Estimating the ICC value

Suppose that a hypothetical meta-analysis of l number of studies at the cluster level (e.g., classrooms) and m number of studies at the individual level (e.g., students) was undertaken. And from those studies, the variances/standard deviations and sample sizes for control and treatment groups were reported. From the l number of cluster- and the m number of individual-level variances/standard deviations for both control and treatment groups, let us define the lth cluster-level standard deviation (= square root of variance) and the mth individual-level standard deviation as SD _l (l = 1, 2, . . . , l − 1, l) and SD _m (m = 1, 2, . . . , m − 1, m), respectively.
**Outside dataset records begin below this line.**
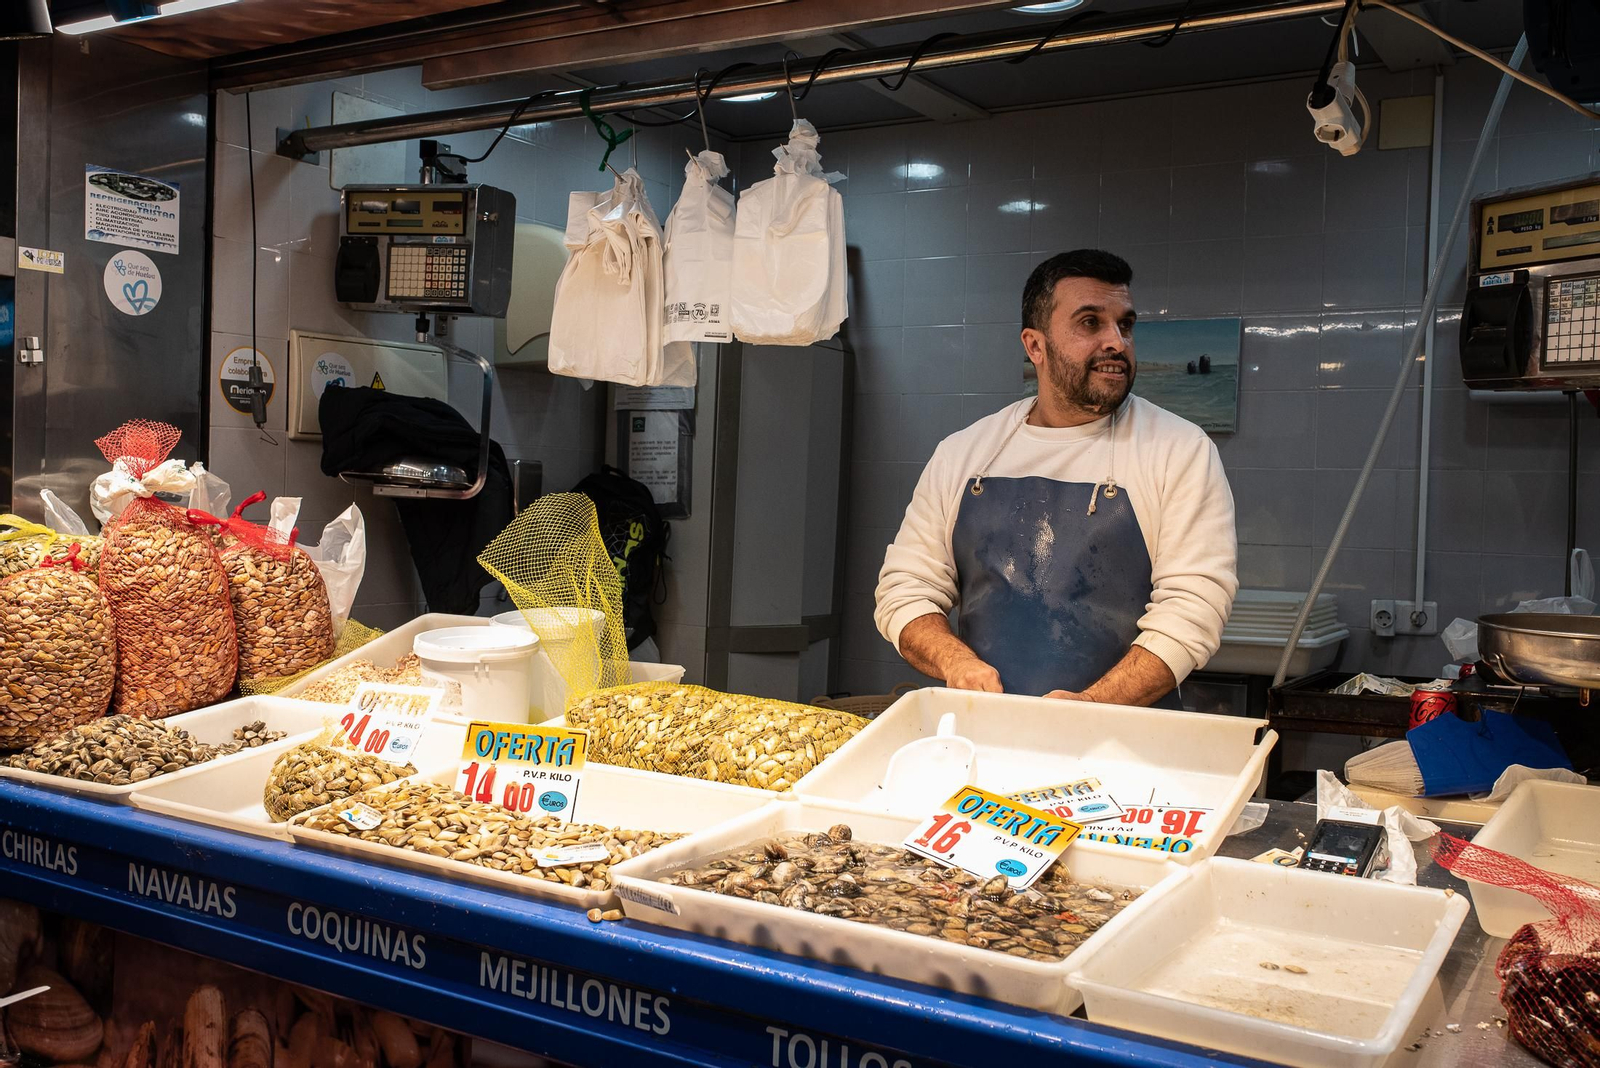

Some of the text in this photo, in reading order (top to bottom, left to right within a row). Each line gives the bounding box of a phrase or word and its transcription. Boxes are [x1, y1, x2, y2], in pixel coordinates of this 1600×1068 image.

[332, 712, 390, 754] 24 00
[475, 730, 576, 768] OFERTA
[462, 762, 535, 812] 14 00
[523, 770, 572, 782] P.V.P. KILO
[957, 794, 1066, 847] OFERTA
[2, 830, 78, 876] CHIRLAS
[1020, 845, 1044, 859] KILO
[128, 862, 236, 918] NAVAJAS
[287, 902, 426, 969] COQUINAS
[480, 952, 671, 1035] MEJILLONES
These individual-level and cluster-level standard deviations are closely related to the population ICC.

As is described in Raudenbush and Bryk (2002), the logarithmic transformed standard deviation is normally distributed with a sample mean of \( { \log }\left( {SD} \right) + \left[ {{1}/\left( {{2} * \left( {n - {1}} \right)} \right)} \right] \) and an approximate variance of \( {1}/\left( {{2} * \left( {n - {1}} \right)} \right) \). From the sampling distribution of the logarithmic transformed standard deviation, the weighted average cluster-level standard deviation can be estimated on the logarithmic scale by

$$ \log ({\hat{\sigma }_{{cluster}}}) = \frac{{\sum\limits_{{l = 1}}^l {{w_l}{s_l}} }}{{\sum\limits_{{l = 1}}^l {{w_l}} }}, $$

(4)

where s _l is defined as \( { \log }\left( {S{D_l}} \right) + \left[ {{1}/\left( {{2} * \left( {{n_l} - {1}} \right)} \right)} \right] \) for the lth cluster-level study, where n _l is the number of clusters for lth cluster-level study; w _l is defined as 1/ v _l , where v _l is \( {1}/\left( {{2} * \left( {{n_l} - {1}} \right)} \right) \).
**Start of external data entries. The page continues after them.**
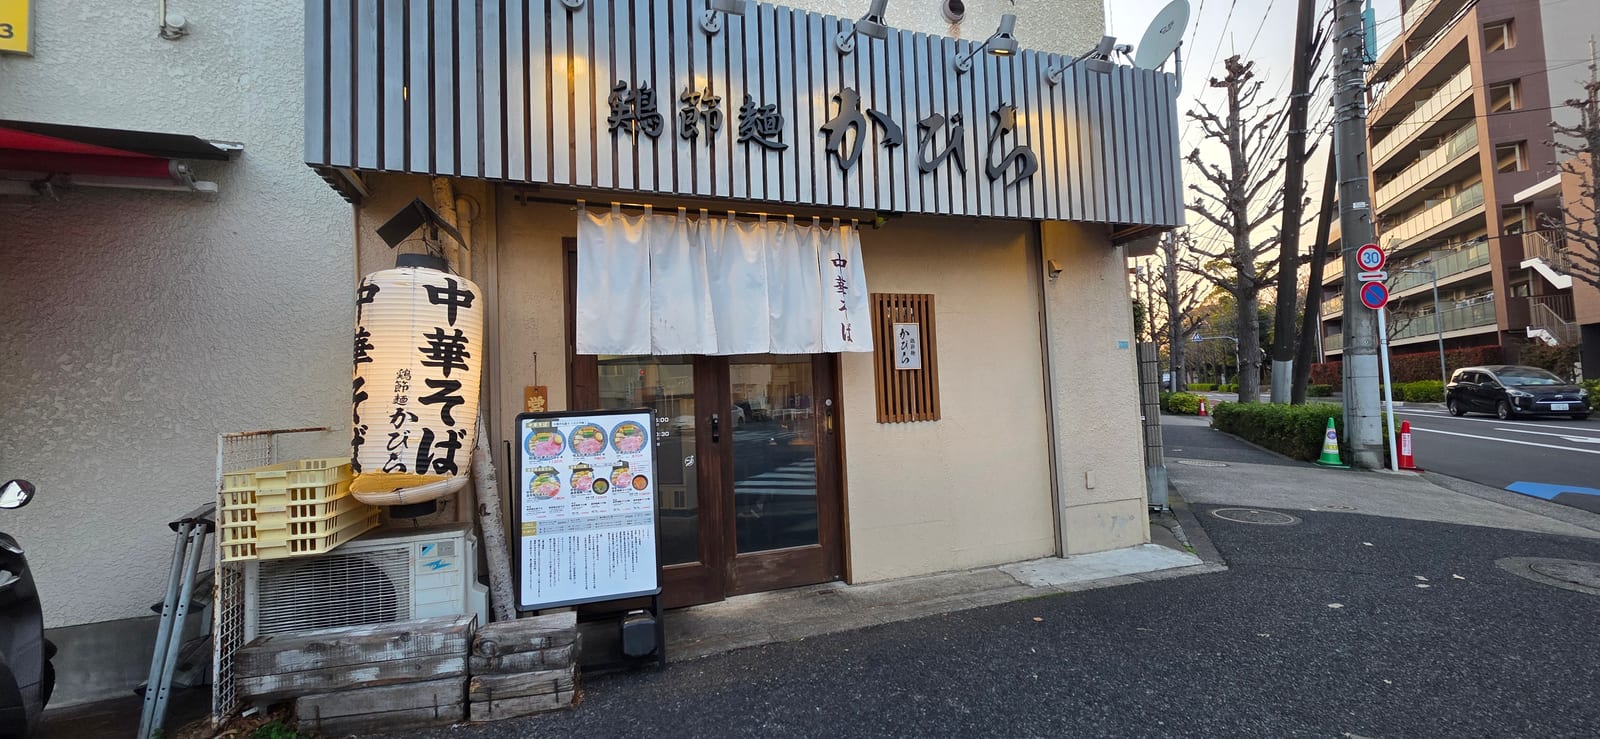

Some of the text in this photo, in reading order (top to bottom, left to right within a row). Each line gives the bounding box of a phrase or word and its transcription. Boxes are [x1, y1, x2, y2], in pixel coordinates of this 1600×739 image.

[607, 79, 1038, 188] 鶏節麺 かびら
[1363, 251, 1379, 264] 30
[830, 252, 854, 343] 中華そば
[415, 277, 476, 476] 中華そば
[899, 327, 910, 364] かびら
[382, 407, 419, 473] かびら
Because the estimate is on a logarithmic scale, it is transformed back to the original scale via

$$ {\hat{\sigma }_{{cluster}}} = \exp (\log ({\hat{\sigma }_{{cluster}}})). $$

(5)

Following Eqs. 4 and 5, the cluster-level variances for both control \( \left( {{{\hat{\sigma }}_{{cluster\_ctr}}}} \right) \) and treatment \( \left( {{{\hat{\sigma }}_{{cluster\_trt}}}} \right) \) groups can be estimated.
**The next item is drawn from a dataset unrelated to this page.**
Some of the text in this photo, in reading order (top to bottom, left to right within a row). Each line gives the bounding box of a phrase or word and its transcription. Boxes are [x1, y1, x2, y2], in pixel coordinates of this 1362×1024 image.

Similarly, the weighted-average total standard deviation is estimated on the logarithmic scale:

$$ \log ({\hat{\sigma }_{{total}}}) = \frac{{\sum\limits_{{m = 1}}^m {{w_m}{s_m}} }}{{\sum\limits_{{m = 1}}^m {{w_m}} }}, $$

(6)

where s _m is \( { \log }\left( {S{D_m}} \right) + \left[ {{1}/\left( {{2} * \left( {{n_m} - {1}} \right)} \right)} \right] \) for the mth individual-level study, where n _m is sample size for the mth individual-level study; w _m is defined as 1/ v _m , where v _m is 1/(2 * (n _m − 1)). Then, the value is transformed back to the original scale, using

$$ {\hat{\sigma }_{{total}}} = \exp (\log ({\hat{\sigma }_{{total}}})). $$

(7)

Again, using Eqs. 6 and 7, the total variances for control \( \left( {{{\hat{\sigma }}_{{total\_ctr}}}} \right) \) and treatment \( \left( {{{\hat{\sigma }}_{{total\_trt}}}} \right) \) groups would be estimated.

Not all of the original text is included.